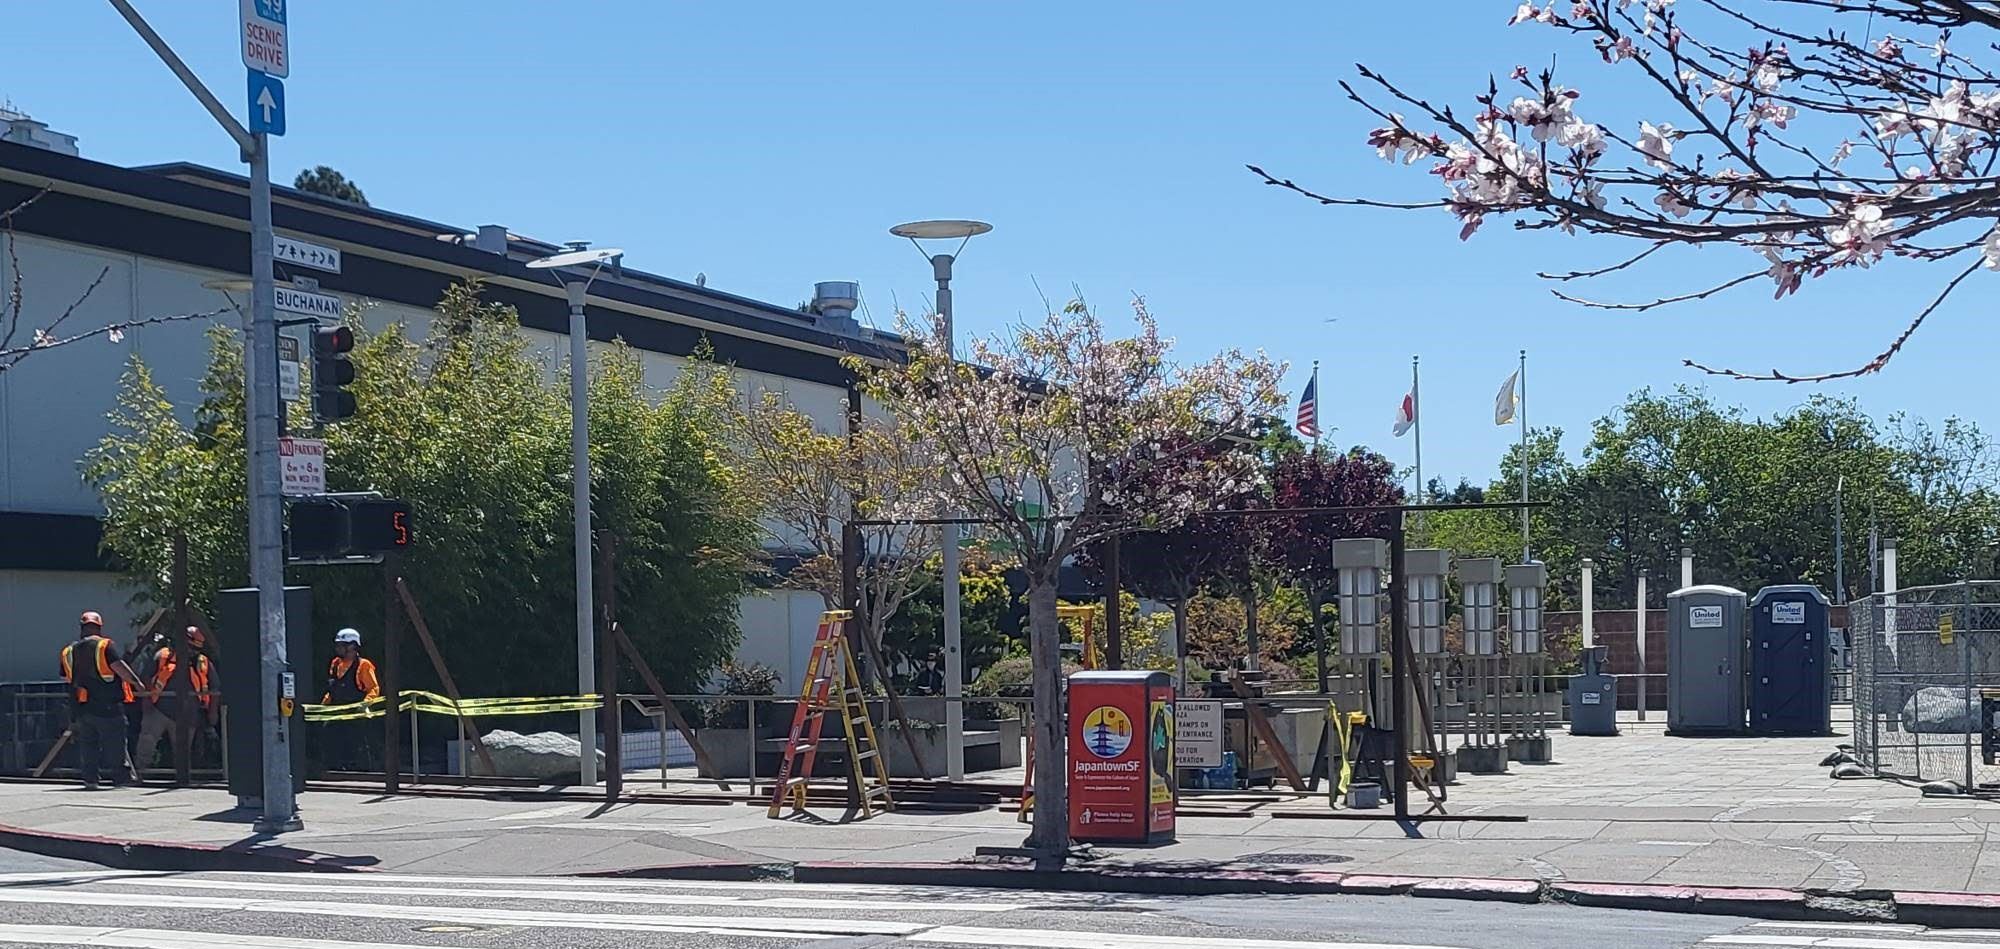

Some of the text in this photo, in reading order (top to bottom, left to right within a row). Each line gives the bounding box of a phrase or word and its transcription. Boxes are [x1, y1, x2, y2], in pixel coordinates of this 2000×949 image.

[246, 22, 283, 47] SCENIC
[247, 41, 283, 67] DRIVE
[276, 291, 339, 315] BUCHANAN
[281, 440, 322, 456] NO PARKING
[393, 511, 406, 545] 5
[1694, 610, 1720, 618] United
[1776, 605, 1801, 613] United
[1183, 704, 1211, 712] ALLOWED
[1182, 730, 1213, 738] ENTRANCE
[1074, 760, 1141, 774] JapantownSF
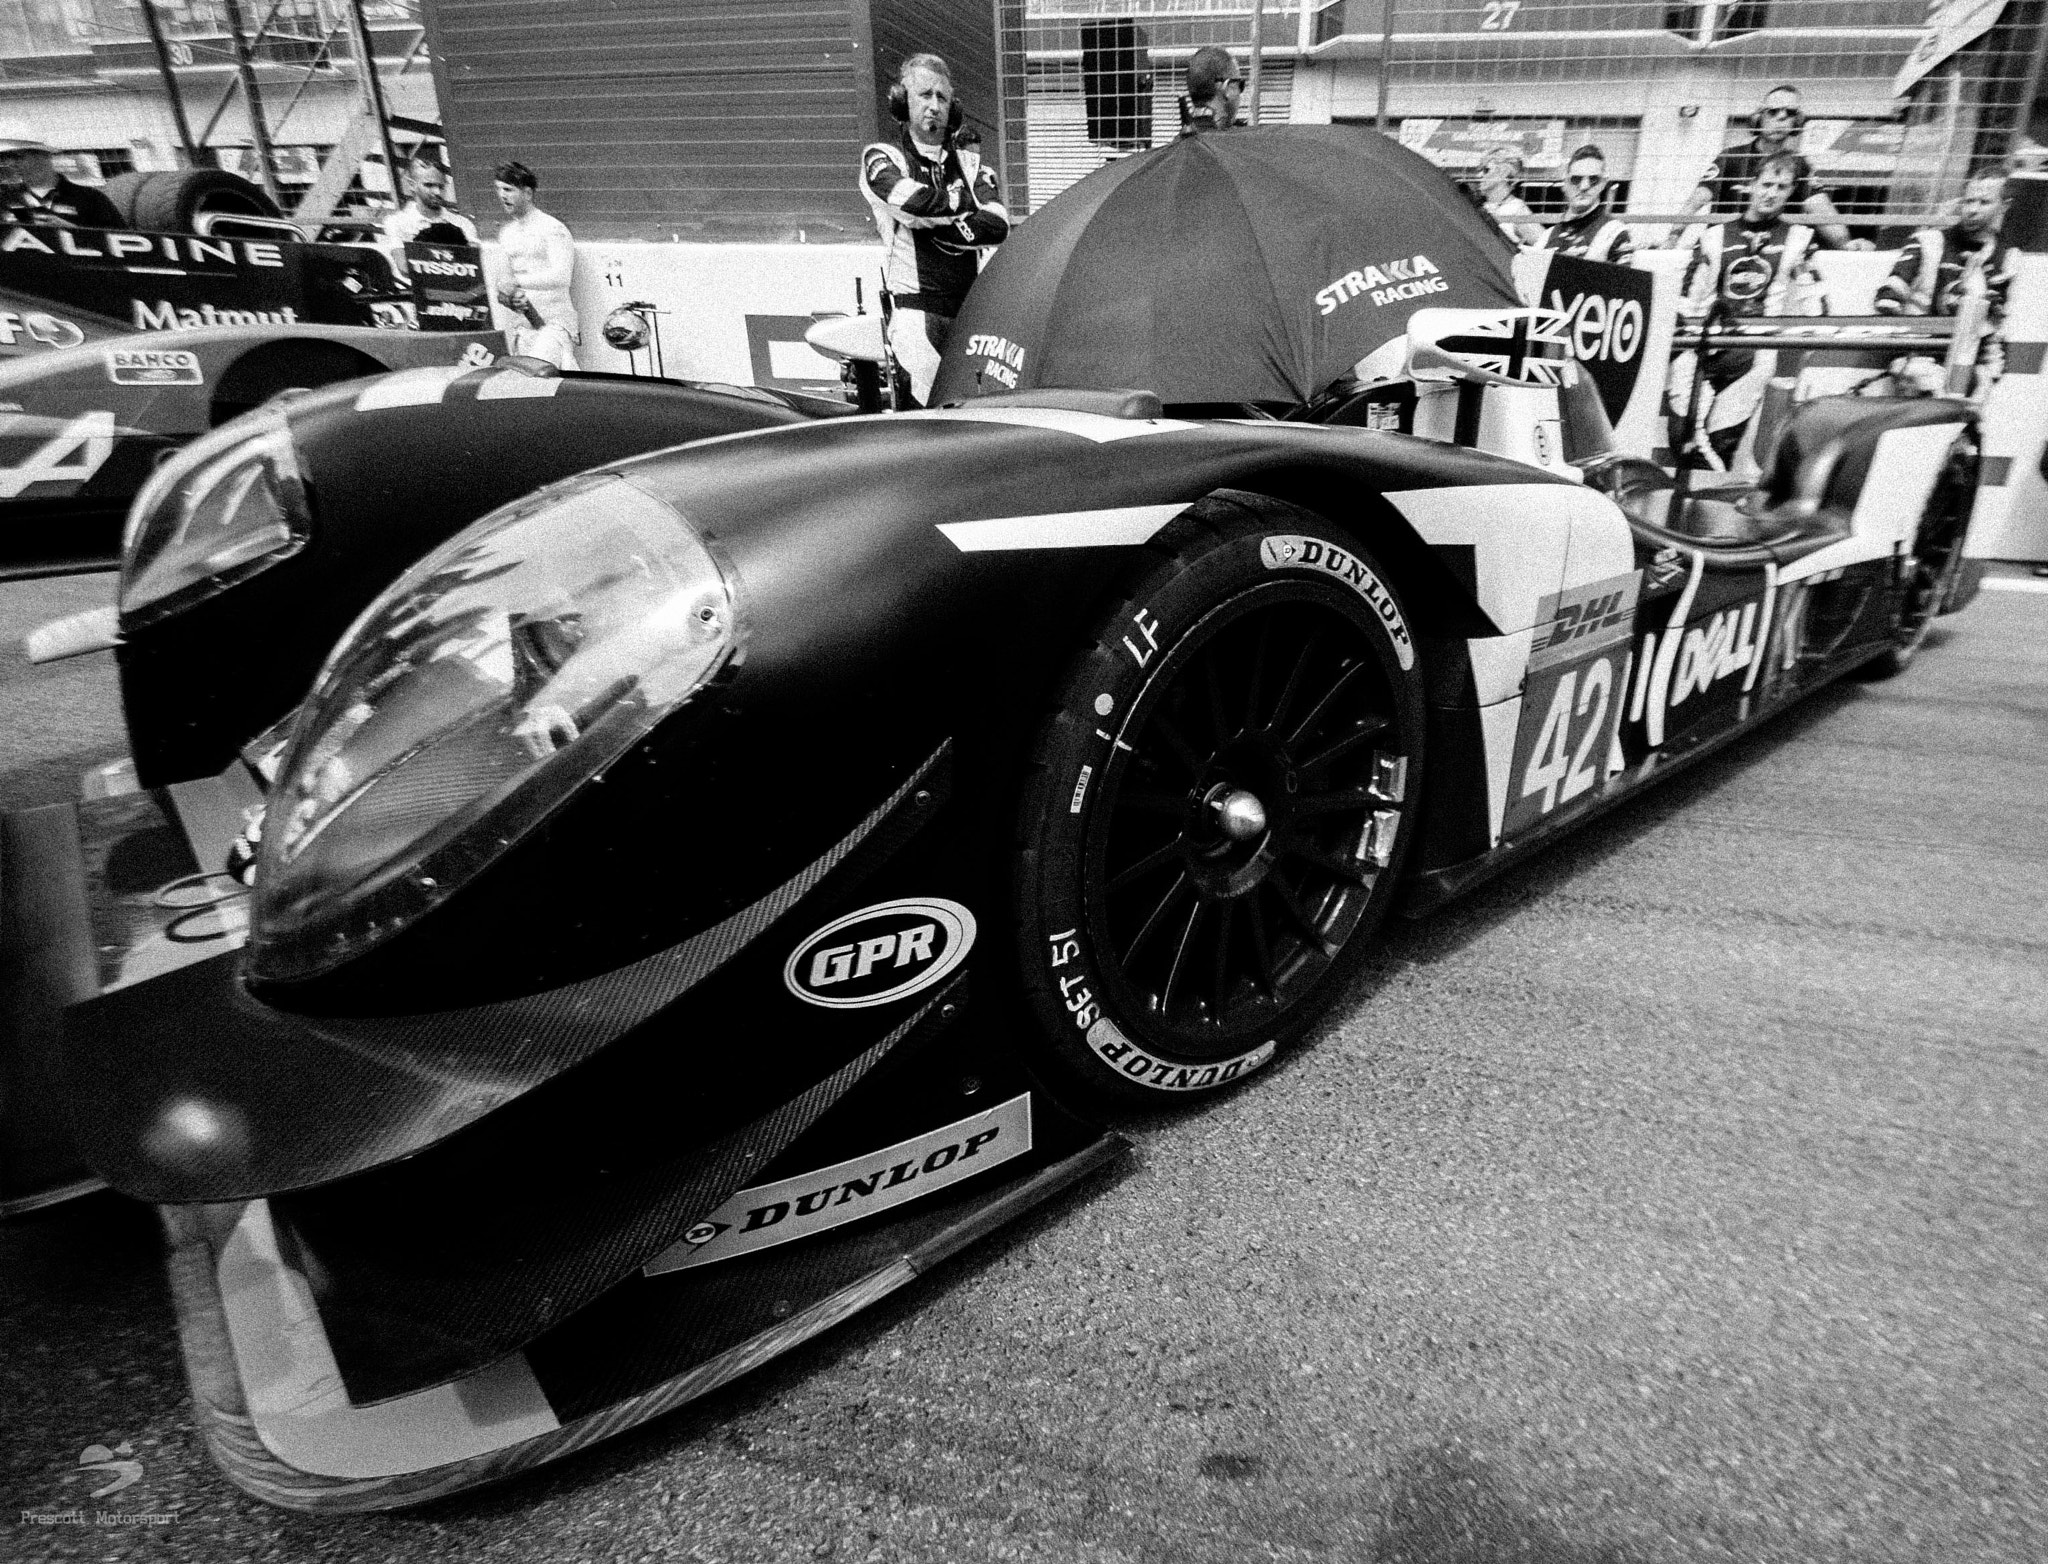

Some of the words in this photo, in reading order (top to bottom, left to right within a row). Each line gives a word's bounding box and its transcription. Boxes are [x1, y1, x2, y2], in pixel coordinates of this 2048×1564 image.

◇ ◇ ◇ ◇ ◇

- What needs to be done -
Your reply should be the full data above, copied exactly, with no pictures in it.

- Answer section -
Some of the text in this photo, in reading order (top to bottom, left to right within a row). Each line gives the bounding box of a phrase or word and its transcription. Boxes are [x1, y1, x2, y2], in pixel coordinates of this 2000×949 image.

[246, 22, 283, 47] SCENIC
[247, 41, 283, 67] DRIVE
[276, 291, 339, 315] BUCHANAN
[281, 440, 322, 456] NO PARKING
[393, 511, 406, 545] 5
[1694, 610, 1720, 618] United
[1776, 605, 1801, 613] United
[1183, 704, 1211, 712] ALLOWED
[1182, 730, 1213, 738] ENTRANCE
[1074, 760, 1141, 774] JapantownSF

Some of the words in this photo, in reading order (top to bottom, left to right within a row). Each line gives a word's bounding box and its transcription. Boxes are [x1, y1, x2, y2], in pixel coordinates of this 2048×1564 image.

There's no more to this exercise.